Book Summary: It’s Not the How or the What but the Who
The difference between success and failure within companies is marked by the art of great ‘who’ decisions. In ‘It’s Not the How or the What but the Who’, Claudio Fernández-Aráoz shares his lessons about the identification of people who have potential and how companies can help these people develop and deploy. The 21st century business is volatile and complex – and the market for top talent is tight. As a result, organizations and leaders must not base their evaluations on brains, experience or competencies but on potential. Potential is “the ability to adapt to ever-changing business environments and grow into challenging roles”.
Claudio Fernández-Aráoz is senior advisor at Egon Zehnder and was a member of its global executive committee. He is a top global expert on talent and leadership and has been repeatedly ranked by BusinessWeek as one of the most influential executive search consultants in the world. He is the author of two books including “It’s Not the How or the What but the Who” and has published several bestselling articles on the topic of People Decisions.

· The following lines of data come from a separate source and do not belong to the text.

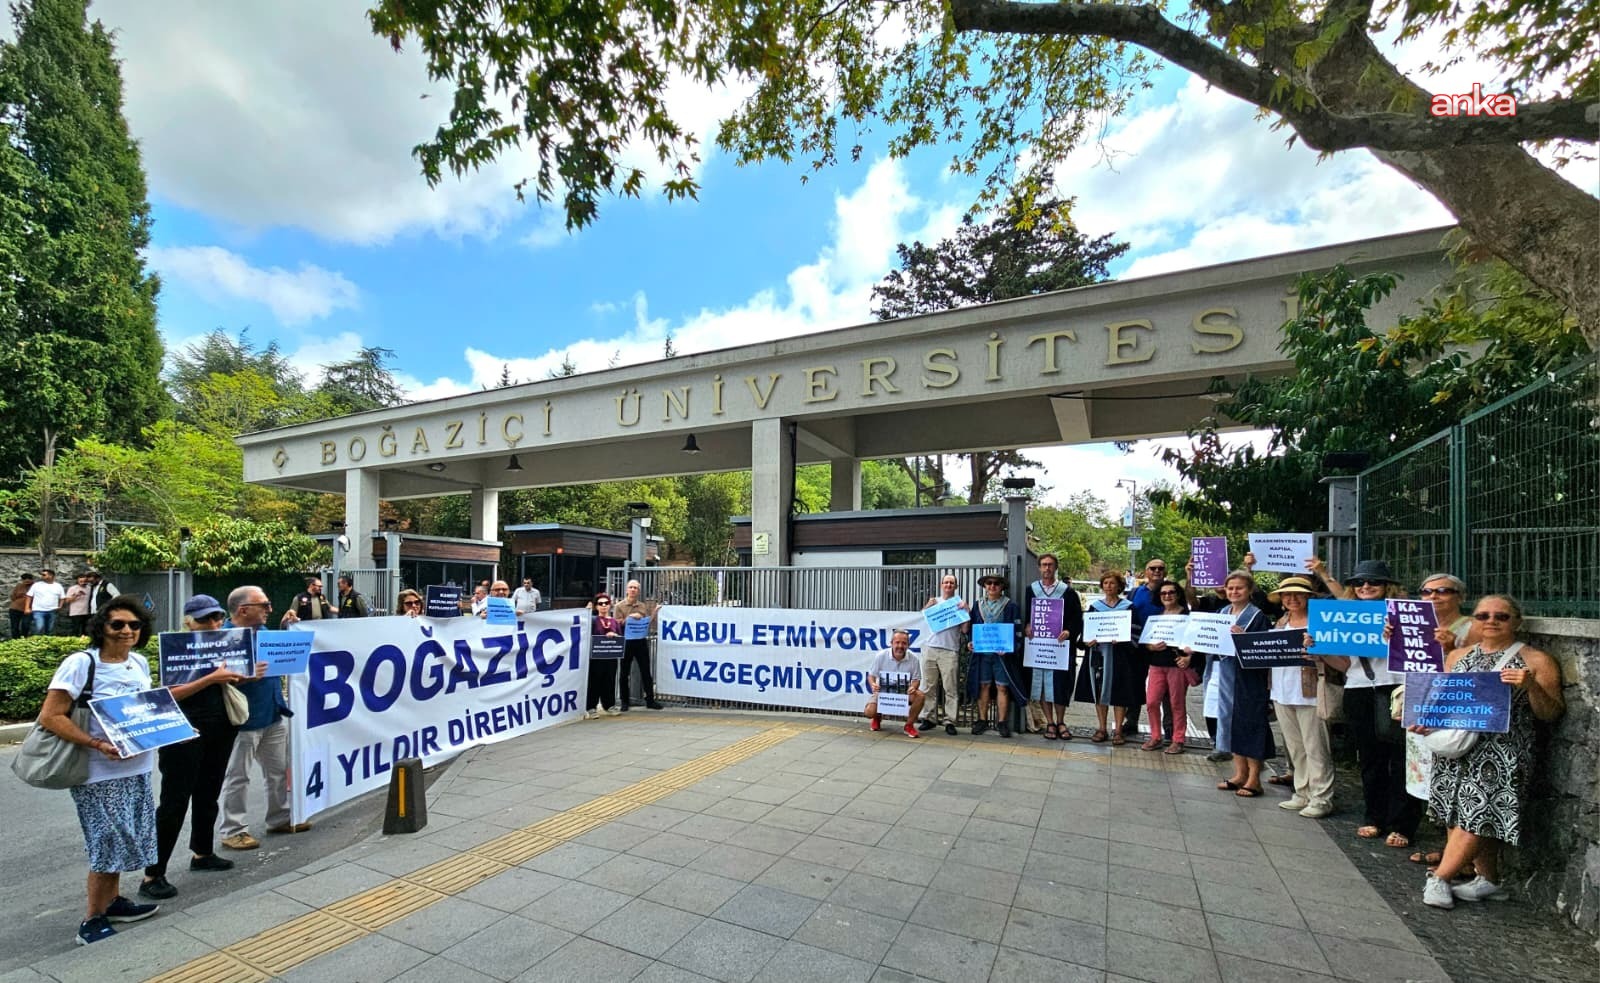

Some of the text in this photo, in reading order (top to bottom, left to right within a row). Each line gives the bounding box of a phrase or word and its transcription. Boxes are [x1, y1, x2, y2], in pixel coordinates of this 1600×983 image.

[320, 400, 552, 465] BOĞAZİÇİ
[1397, 602, 1423, 613] KA-
[1320, 611, 1388, 625] VAZGE
[1399, 614, 1430, 625] BUL
[661, 620, 743, 645] KABUL
[1315, 628, 1388, 645] MİYOR
[1401, 626, 1425, 637] ET-
[186, 639, 229, 650] KAMPÜS
[1404, 636, 1430, 648] Mİ-
[1404, 649, 1433, 661] YO-
[306, 615, 582, 730] BOĞAZİÇİ
[1403, 661, 1438, 673] RUZ
[671, 659, 873, 695] VAZGEÇMİYOR
[1413, 704, 1493, 715] DEMOKRATİK
[1416, 716, 1488, 729] ÜNİVERSİTE
[305, 689, 578, 799] 4 YILDIR DİRENİYOR
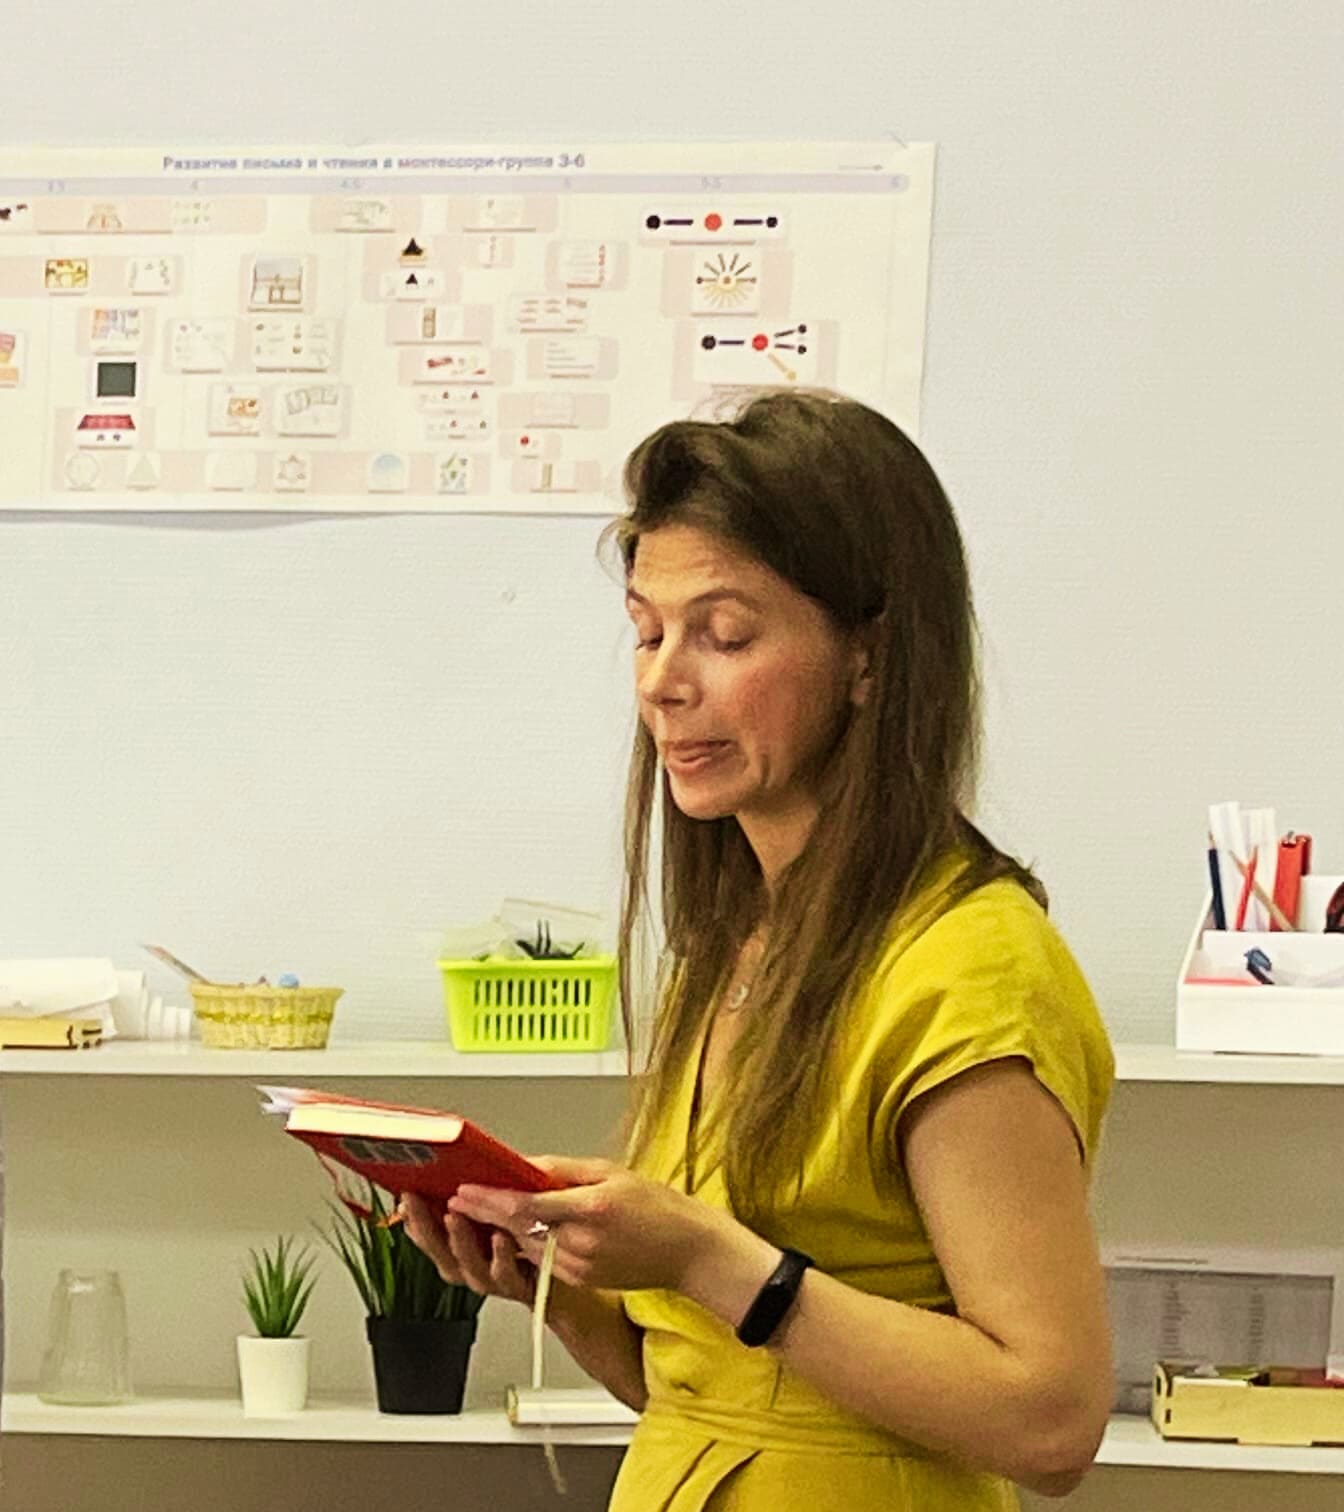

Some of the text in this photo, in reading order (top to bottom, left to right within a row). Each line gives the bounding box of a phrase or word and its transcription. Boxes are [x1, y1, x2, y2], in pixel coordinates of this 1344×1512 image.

It’s Not the How or the What but the Who
Outside obstacles and opportunities
Potential is much harder to discern than competence and will be difficult to find in one of the toughest employment markets in history. Globalization, demographics and pipelines make it difficult:
Globalization makes companies reach beyond their home markets, and to be successful, they need people who can help them do so.
Demographics have a huge impact on hiring pools. Many countries will have more people at retirement age than entering the workforce.
Companies can better develop their pipelines of future leaders. A lot of executives have the opinion that their companies are not developing qualified leaders.
The right people
A focus on potential can improve talent spotting at every level of the organization. You can assess potential by taking five indicators into account:
Having the ambition to excel in the pursuit of unselfish goals, such as contributing to collective goals, showing deep personal humility, and self-improvement.
Looking for new experiences, knowledge and feedback. Open to learn and change.
Ability to gather and make sense of information that suggests new possibilities.
Capacity to use emotion and logic to communicate a persuasive vision and connect with people.
Ability to fight for difficult goals despite challenges.
Besides assessing potential it is important to not ignore the other indicators we use to evaluate people; namely intelligence, values and leadership abilities.
Helping your stars shine
Once you engage people with potential, you need to focus on keeping them. Most high potentials are energized by autonomy (the freedom to choose the direction of your life), mastery (the desire to excel) and purpose (the need to serve something larger than ourselves). Salary is important but beyond a certain level it is less important than people think. Potentials need to be paid fairly and need to have autonomy in four “T” dimensions: task, time, team and technique. Set difficult goals for stars that are attainable, eliminate distractions and engage them in a greater organizational team or societal goal.
Stars develop by having opportunities that push them out of their comfort zones. They will continue their growth by pushing them to bigger jobs, budgets and staffs but they will not accelerate. They need uncomfortable challenging jobs, stretching assignments and job rotations.